[Collected data]
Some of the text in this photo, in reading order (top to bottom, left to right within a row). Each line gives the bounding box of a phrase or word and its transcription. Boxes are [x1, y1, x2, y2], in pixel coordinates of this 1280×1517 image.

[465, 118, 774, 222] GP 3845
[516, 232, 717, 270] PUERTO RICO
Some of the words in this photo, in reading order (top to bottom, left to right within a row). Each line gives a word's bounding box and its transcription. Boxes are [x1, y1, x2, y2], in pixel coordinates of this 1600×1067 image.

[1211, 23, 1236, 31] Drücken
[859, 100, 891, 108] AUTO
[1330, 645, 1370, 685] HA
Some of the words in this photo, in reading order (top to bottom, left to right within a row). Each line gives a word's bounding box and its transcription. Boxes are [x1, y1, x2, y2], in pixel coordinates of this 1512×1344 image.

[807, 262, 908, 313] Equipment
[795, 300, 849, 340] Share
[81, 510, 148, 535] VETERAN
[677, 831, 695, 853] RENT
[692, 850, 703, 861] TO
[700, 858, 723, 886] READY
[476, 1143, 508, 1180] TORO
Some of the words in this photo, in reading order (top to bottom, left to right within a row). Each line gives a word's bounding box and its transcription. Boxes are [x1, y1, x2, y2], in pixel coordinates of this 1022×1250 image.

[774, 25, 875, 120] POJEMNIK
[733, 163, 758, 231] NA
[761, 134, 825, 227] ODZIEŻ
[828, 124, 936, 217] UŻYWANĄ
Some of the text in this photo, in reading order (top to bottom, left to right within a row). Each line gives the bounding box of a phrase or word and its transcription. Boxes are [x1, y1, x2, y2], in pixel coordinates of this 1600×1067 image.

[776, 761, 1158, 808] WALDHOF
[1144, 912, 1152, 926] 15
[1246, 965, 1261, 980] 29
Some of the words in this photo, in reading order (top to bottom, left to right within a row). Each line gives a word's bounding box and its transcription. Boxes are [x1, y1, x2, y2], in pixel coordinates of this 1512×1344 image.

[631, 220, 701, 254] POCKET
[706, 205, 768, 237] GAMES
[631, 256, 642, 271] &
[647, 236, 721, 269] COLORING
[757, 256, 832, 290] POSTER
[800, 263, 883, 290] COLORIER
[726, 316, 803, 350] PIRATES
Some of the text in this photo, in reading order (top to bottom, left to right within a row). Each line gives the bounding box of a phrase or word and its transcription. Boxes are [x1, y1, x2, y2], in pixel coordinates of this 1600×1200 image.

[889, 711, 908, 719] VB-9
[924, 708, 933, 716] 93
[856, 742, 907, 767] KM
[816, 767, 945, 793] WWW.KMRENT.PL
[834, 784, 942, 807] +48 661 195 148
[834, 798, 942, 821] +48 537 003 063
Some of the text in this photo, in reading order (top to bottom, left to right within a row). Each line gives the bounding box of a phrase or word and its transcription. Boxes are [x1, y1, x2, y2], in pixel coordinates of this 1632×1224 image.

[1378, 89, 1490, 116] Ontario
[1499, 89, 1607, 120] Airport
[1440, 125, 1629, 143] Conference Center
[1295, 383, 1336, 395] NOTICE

> [Exercise brief]
Write out every record verbatim.

> [Answer to this exercise]
Some of the text in this photo, in reading order (top to bottom, left to right within a row). Each line gives the bounding box of a phrase or word and its transcription. Boxes are [x1, y1, x2, y2], in pixel coordinates of this 1280×1517 image.

[465, 118, 774, 222] GP 3845
[516, 232, 717, 270] PUERTO RICO
Some of the words in this photo, in reading order (top to bottom, left to right within a row). Each line gives a word's bounding box and its transcription. Boxes are [x1, y1, x2, y2], in pixel coordinates of this 1600×1067 image.

[1211, 23, 1236, 31] Drücken
[859, 100, 891, 108] AUTO
[1330, 645, 1370, 685] HA
Some of the words in this photo, in reading order (top to bottom, left to right within a row). Each line gives a word's bounding box and its transcription. Boxes are [x1, y1, x2, y2], in pixel coordinates of this 1512×1344 image.

[807, 262, 908, 313] Equipment
[795, 300, 849, 340] Share
[81, 510, 148, 535] VETERAN
[677, 831, 695, 853] RENT
[692, 850, 703, 861] TO
[700, 858, 723, 886] READY
[476, 1143, 508, 1180] TORO
Some of the words in this photo, in reading order (top to bottom, left to right within a row). Each line gives a word's bounding box and its transcription. Boxes are [x1, y1, x2, y2], in pixel coordinates of this 1022×1250 image.

[774, 25, 875, 120] POJEMNIK
[733, 163, 758, 231] NA
[761, 134, 825, 227] ODZIEŻ
[828, 124, 936, 217] UŻYWANĄ
Some of the text in this photo, in reading order (top to bottom, left to right within a row). Each line gives the bounding box of a phrase or word and its transcription. Boxes are [x1, y1, x2, y2], in pixel coordinates of this 1600×1067 image.

[776, 761, 1158, 808] WALDHOF
[1144, 912, 1152, 926] 15
[1246, 965, 1261, 980] 29
Some of the words in this photo, in reading order (top to bottom, left to right within a row). Each line gives a word's bounding box and its transcription. Boxes are [x1, y1, x2, y2], in pixel coordinates of this 1512×1344 image.

[631, 220, 701, 254] POCKET
[706, 205, 768, 237] GAMES
[631, 256, 642, 271] &
[647, 236, 721, 269] COLORING
[757, 256, 832, 290] POSTER
[800, 263, 883, 290] COLORIER
[726, 316, 803, 350] PIRATES
Some of the text in this photo, in reading order (top to bottom, left to right within a row). Each line gives the bounding box of a phrase or word and its transcription. Boxes are [x1, y1, x2, y2], in pixel coordinates of this 1600×1200 image.

[889, 711, 908, 719] VB-9
[924, 708, 933, 716] 93
[856, 742, 907, 767] KM
[816, 767, 945, 793] WWW.KMRENT.PL
[834, 784, 942, 807] +48 661 195 148
[834, 798, 942, 821] +48 537 003 063
Some of the text in this photo, in reading order (top to bottom, left to right within a row). Each line gives the bounding box of a phrase or word and its transcription. Boxes are [x1, y1, x2, y2], in pixel coordinates of this 1632×1224 image.

[1378, 89, 1490, 116] Ontario
[1499, 89, 1607, 120] Airport
[1440, 125, 1629, 143] Conference Center
[1295, 383, 1336, 395] NOTICE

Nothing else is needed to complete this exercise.